Because he has to work on Thanksgiving, Ken Bates drops off his daughters Lyla and Gracie for dinner with their mother and her new husband Grant. Ken then picks up his nebbish coworker Chris Godecki and drives to their late shift at We Love Toys. While anxious shoppers assemble outside, Ken and Chris join coworkers Marnie, Brian, Archie, Ruth, Emmett, Anita, and Bircher as they get ready to open the store for Black Friday. Bircher accidentally locks himself outside the building while smoking a cigarette. Possessed by a parasite, a rabid shopper mauls Bircher, causing him to transform into a creature too.

Store manager Jonathan Wexler has his employees open the doors. Shoppers pour in, but they gradually turn violent as the parasitic mutation spreads. Everyone eventually realizes that the shoppers are transforming into murderous creatures as they are attacked and forced to fight back. Possessed by a parasite, Emmett emits a tentacle that kills Anita. Emmett turns into a creature before fleeing toward the store's Santa's Village display.

Ruth holes up in the office while Archie leads Chris and Brian through a mutant horde to close an exit door before more shoppers get inside. Jonathan and Ken battle a creature in the bathroom. Marnie sneaks into Santa's Village and sees that transformed shoppers are being assimilated into a growing sac. Once the exit door is secured, Jonathan, Ken, Chris, Marnie, Brian, Archie, and Ruth regroup on the store floor. Driven by a possessed officer, a speeding police car crashes through the front window. The car runs over Ruth. Mutating shoppers begin pouring inside again. After he rescues Chris, one of the monsters kills Archie.

Ken, Marnie, Chris, Brian, and Jonathan barricade themselves in the storeroom. While talking about their various tenures at the store, the coworkers bond over sliced turkey meat. However, the group conversation turns confrontational when Ken and Chris argue about their disappointing stations in life and Marnie calls out Ken for not having a real romance with her. A mutant breaches the storeroom. Ken gets bitten in the commotion. Presuming he is now infected and will soon transform, Ken stays behind while Chris, Marnie, Jonathan, and Brian go to the loading dock to obtain a truck for escaping. With Chris unable to start the truck, he and the others fight off another mutant before making their way to the roof. Meanwhile, the building catches fire as the main sac continues growing into a massive monster that soon fills the entire store. Jonathan sacrifices himself to a horde so Chris, Marnie, and Brian can escape back down to the ground.

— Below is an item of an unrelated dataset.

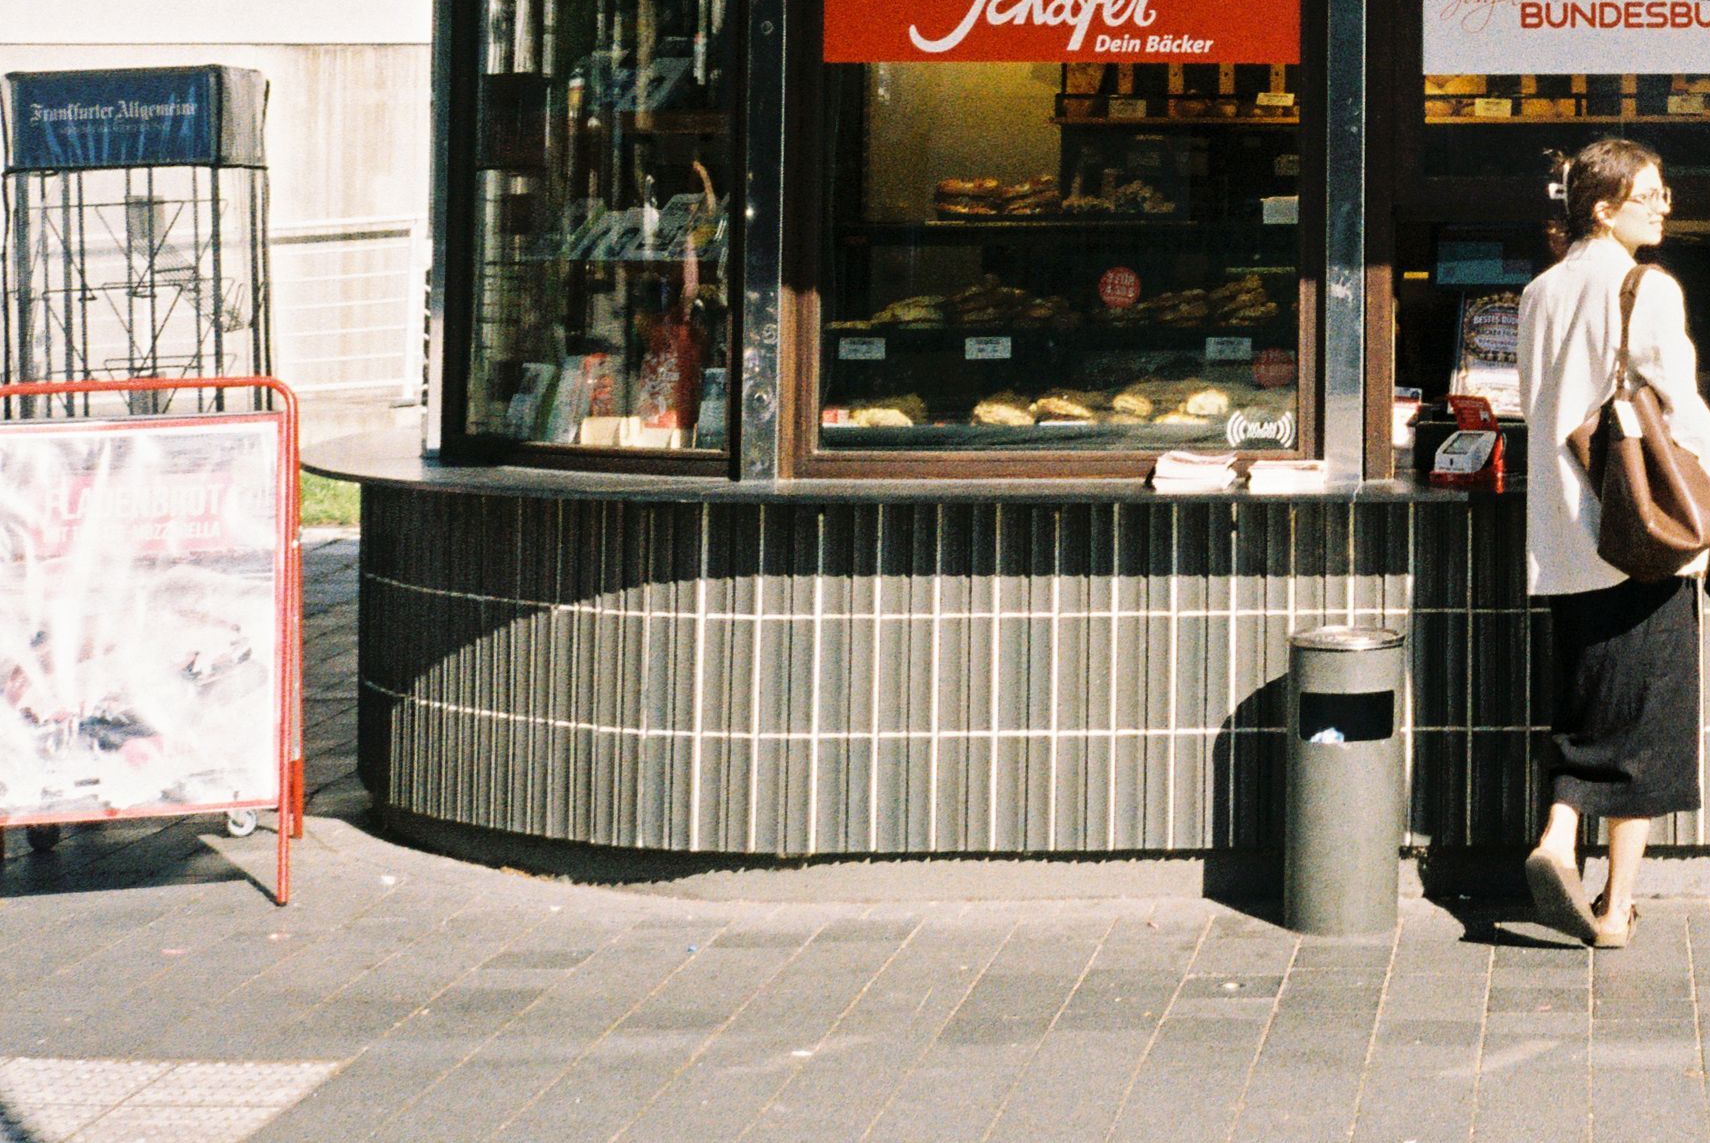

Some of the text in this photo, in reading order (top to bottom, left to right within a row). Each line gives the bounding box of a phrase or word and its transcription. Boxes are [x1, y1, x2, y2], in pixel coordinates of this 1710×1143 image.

Brian confesses he bit Ken in the earlier commotion, so Ken is not actually infected. Having assimilated all of the mutated shoppers, the massive monster breaks through the store's roof. Brian tries to confront the creature, but it kills him. Ken rejoins Chris and Marnie outside. Ken acts as a distraction while Chris tricks the monster into swallowing a forklift, which causes the injured creature to collapse into the fire. Ken, Chris, and Marnie escape in Ken's car. However, more massive monsters are seen emerging from other stores in the distance.

==Production==
On November 17, 2020, Bruce Campbell, Devon Sawa and Michael Jai White joined the cast. Filming took place between November 16 – December 16, 2020, in Babies R Us North Attleboro, MA.

==Release==
Black Friday was theatrically released on November 21, 2021, by Screen Media Films.

===Critical reception===
 Brian Tallerico from RogerEbert.com gave it two stars out of four and wrote, "It's an easy watch in a B-movie marathon but you'll have forgotten it by the time you're done with the Thanksgiving leftovers." Lena Wilson, writing for The New York Times, said "this is exactly the kind of thing horror lovers should watch with like-minded friends as the holidays roll".

Worldwide, Black Friday was the seventh most pirated film online between November 22 and November 28, 2021.

===Box office===
As of April 7, 2024, Black Friday grossed $1,581 in the United Arab Emirates.